Carolyn Dalgliesh, founder of Systems for Sensory Kids, is thrilled to be doing a four-part guest blog series for 46 Mommas Shave for the Brave – The 46 Mommas are on a mission to raise awareness, raise funds for research and inspire others to help fund a cure for childhood cancer.  As a professional organizer and a “sensory” mom, Carolyn is honored to be a sponsor of 46 Mommas and to have an opportunity to support these amazing parents with sensory organizing tips!  

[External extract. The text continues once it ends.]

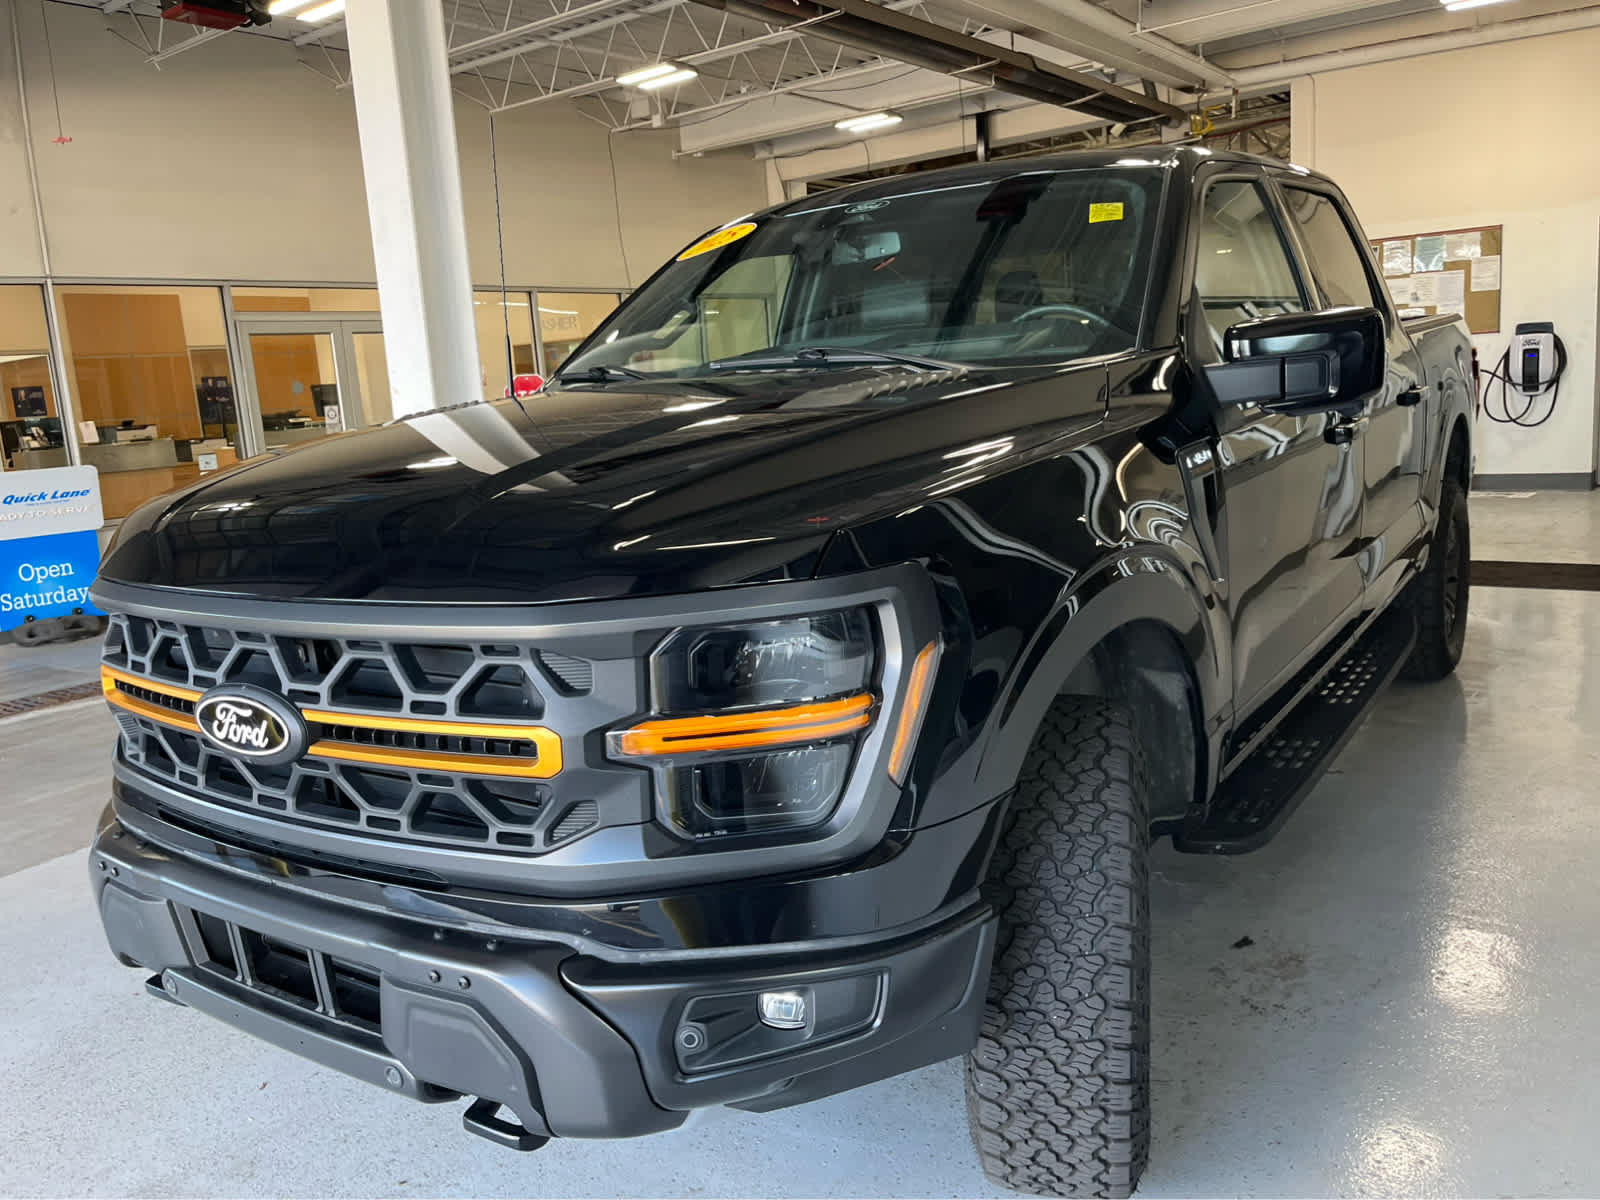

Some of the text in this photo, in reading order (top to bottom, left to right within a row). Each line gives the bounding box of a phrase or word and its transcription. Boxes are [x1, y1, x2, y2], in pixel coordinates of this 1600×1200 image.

Successfully Managing Transitions

Many children who are living with a medical condition and/or innate neurological challenges (like those living with ADHD/ADD, anxiety disorder, OCD, sensory processing disorder or autism) develop anxiety and stress around any sort of change or unfamiliar situations.  Here are some simple tips to help you support your child’s anxiety around transitions:

1. SET EXPECTATIONS

Use a daily or weekly calendar so your child has a visual map of the day and knows when transitions might be happening.  Be mindful of how much preparation time is needed for your child.  For example, a child with a processing delay might need a map of the week to help them absorb what is coming while a child who worries might just need 24 hours at a time.

2. DRAW A MENTAL PICTURE

Often children living with anxiety and/or stress have a hard time picturing what might be coming.  You can help them draw a mental picture about the upcoming experience, person, or place.  A few ways you can do this is by checking out information on-line, role-playing, or using information from previous, similar experiences.  Other tools include making a visual booklet about the person, place or experience, creating a checklist about how an experience might unfold, or a creating a scavenger-hunt like game when in a new place.  Taking some time to prepare before and/or while in an uncomfortable or unfamiliar transition can help children get over-the-hump and get started.

3. HIGHLIGHT HAPPY

Highlight the Happy place, thought, feeling, person, and/or thing that they might experience as a result of making it through the transition.  Incorporate this in the mental picture and visual aids you create.  When doing something challenging, most of us need something to work towards and children are no different.  Finding that small thing that your child will connect to can make all the difference in pushing through uncomfortable times and uncomfortable feelings.

Begin to tame transition anxiety for your child.  By setting expectations, helping your child draw a mental picture, and highlighting the happy – you can begin to give your child some control over uncomfortable and unfamiliar transitions.   Simple supports for more peaceful days!